Jules Eugene Pages (1867-1946), sometimes Jules Eugène Pagès, was an American painter. He is known for landscape, marine and genre paintings in the impressionist manner.

== Biography ==
Born in San Francisco, California on May 16, 1867, to parents with French ancestry. He was raised in an artistic environment. His father, Jules Françios Pages (1843-1910) ran a local engraving business, and his son worked there as an apprentice. In 1888, he moved to Paris, France in order to study at the Académie Julian under Jules Joseph Lefebvre, Jean-Joseph Benjamin-Constant and Tony Robert-Fleury.
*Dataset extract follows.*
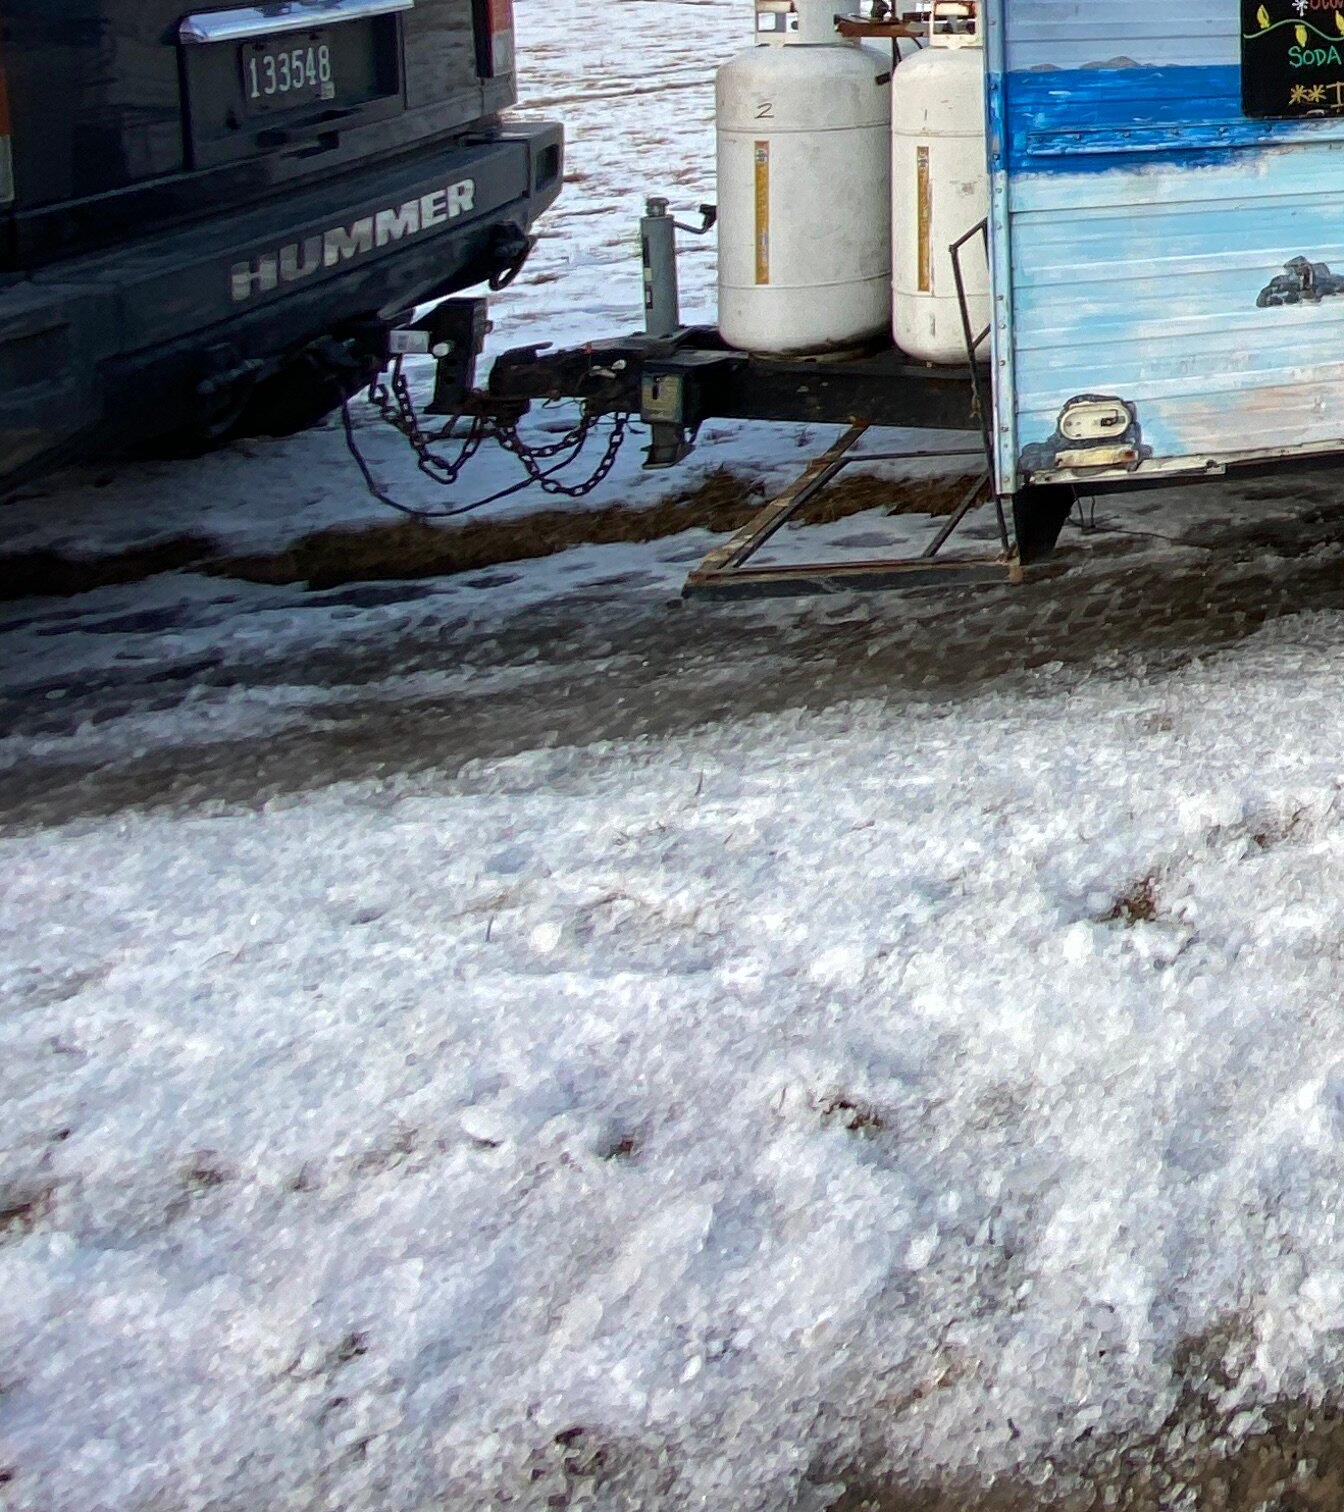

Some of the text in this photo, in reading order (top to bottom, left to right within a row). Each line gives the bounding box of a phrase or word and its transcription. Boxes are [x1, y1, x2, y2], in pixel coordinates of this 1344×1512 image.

After returning to San Francisco, he worked as an illustrator for The San Francisco Examiner, and other newspapers. He returned to Paris, in 1902 and began teaching night classes at the Académie Julian. Pages spent forty years in France, returning frequently to San Francisco to paint and exhibit his work. He exhibited his work in 1915 at the Panama-Pacific International Exposition (PPIE).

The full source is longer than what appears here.